Da ist zum Beispiel Boris Johnson: Der neue – und vielleicht bald ehemalige – britische Premierminister weiß sich zur Durchsetzung seines Plans, den Brexit Ende Oktober um jeden Preis durchzuziehen, nicht anders zu behelfen, als das Parlament kurzerhand auszuschalten, es auf Zwangsurlaub zu schicken – und zwar so lange, bis es sein, für die Nation und ganz Europa zweifellos desaströses, Vorhaben nicht mehr verhindern kann.

Die Mehrheit der Abgeordneten im britischen Unterhaus erkannten dieses Manöver und taten sich in seltener Eintracht über Fraktionsgrenzen hinweg zusammen, um dem Premierminister Einhalt zu gebieten: Es soll im übergeordneten Interesse der Nation keinen ungeregelten EU-Austritt geben, der das Vereinigte Königreich in unkontrollierbare und unfinanzierbare Kalamitäten führen würde.

Das britische Parlament hat bewiesen, dass nicht der Regierungschef, sondern die Abgeordneten als gewählte Vertreter des Volkes letztendlich das Sagen haben.
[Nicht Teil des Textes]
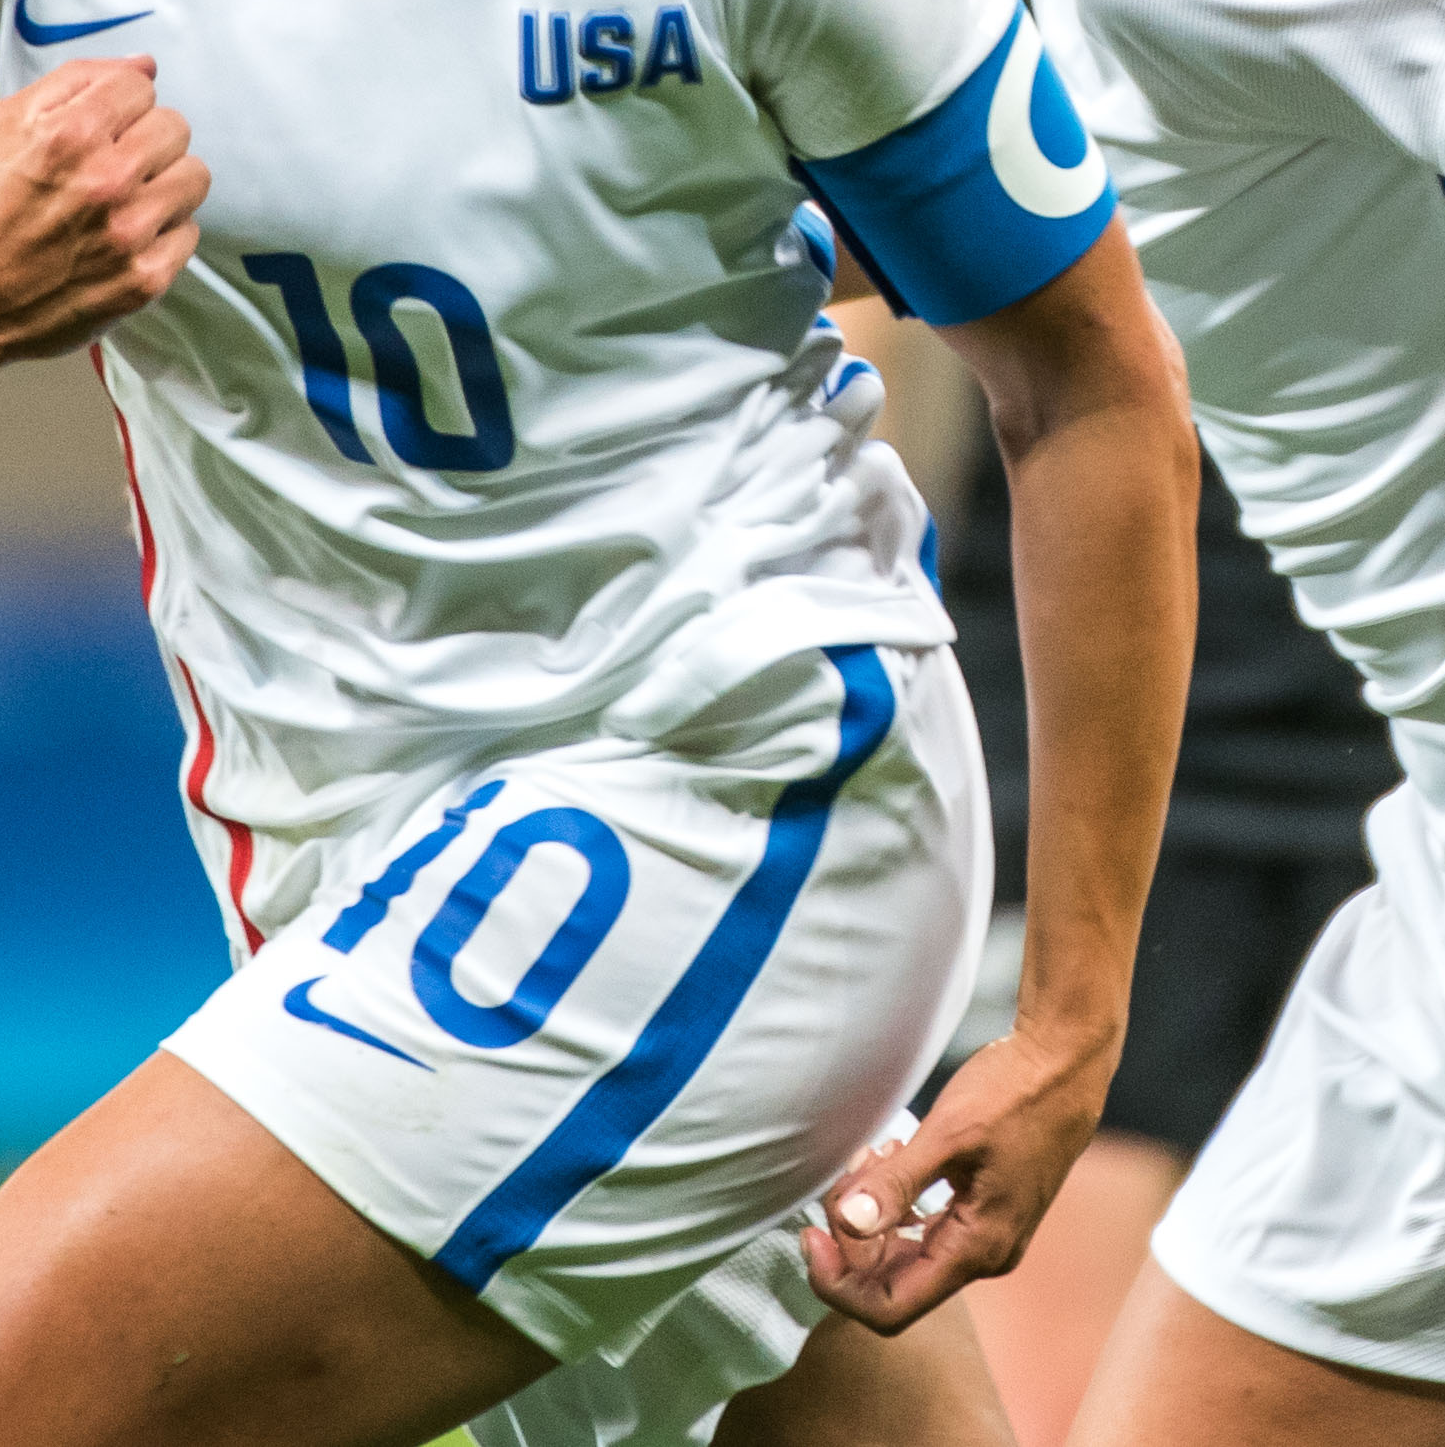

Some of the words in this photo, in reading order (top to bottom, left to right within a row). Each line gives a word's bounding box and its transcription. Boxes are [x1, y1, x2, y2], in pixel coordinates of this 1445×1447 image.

Wie schon Theresa May vor ihm pokerte auch Johnson hoch – und verlor. Das parlamenta rische Gemeinschaftsinteresse hat gewonnen. Zumindest vorerst.

Salvini im Machtrausch

Da ist auch das Beispiel Italien, wo der der von sensationellen Umfragewerten berauschte Innenminister Matteo Salvini mutwillig und ohne zwingenden Grund eine Regierungskrise vom Zaun brach, um Neuwahlen zu erzwingen. Diese hätte er zweifelsohne gewonnen – doch Umfragewerte allein rechtfertigen noch keinen vorgezogenen Urnengang zu einem beliebigen Zeitpunkt, nicht einmal im notorisch instabilen Italien.

Wie Johnson hat auch Salvini seine Macht überschätzt und sich grandios verzockt. Italiens Ministerpräsident Giuseppe Conte, parteifrei und schon viel zu lang bloß willfähriger Erfüllungsgehilfe Salvinis, übergab durch seinen Rücktritt zuerst dem Staatspräsidenten und in der Folge dem Parlament die Kontrolle. Das war ein wohlüberlegter Schritt: Denn die im Parlament vertretenen Parteien haben auch ohne Neuwahlen eine alternative Basis für eine gemeinsame Arbeit gefunden – ohne den Unruhestifter Salvini. Die Fünf-Sterne-Bewegung und die Sozialdemokraten wollen gemeinsam regieren und die Legislaturperiode regulär 2023 zu Ende bringen.

Türkis-blau in die Schranken gewiesen

Auch in Österreich musste die türkis-blaue Bundesregierung feststellen, dass sie nicht nach Belieben tun und lassen kann, was sie will. Wenn in der Folge der Ibiza-Affäre der Nationalrat mehrheitlich entschied, Sebastian Kurz und seinem Team das Regierungspouvoir zu entziehen, kann man zwar über parteipolitische Motive streiten, nicht aber über die Legitimität dieses Vorgangs. Denn gewählt sind nicht der Bundeskanzler und seine Ministerriege, sondern der Nationalrat als Vertretung der Wählerinnen und Wähler – und diese sind der Souverän, sie allein schaffen an.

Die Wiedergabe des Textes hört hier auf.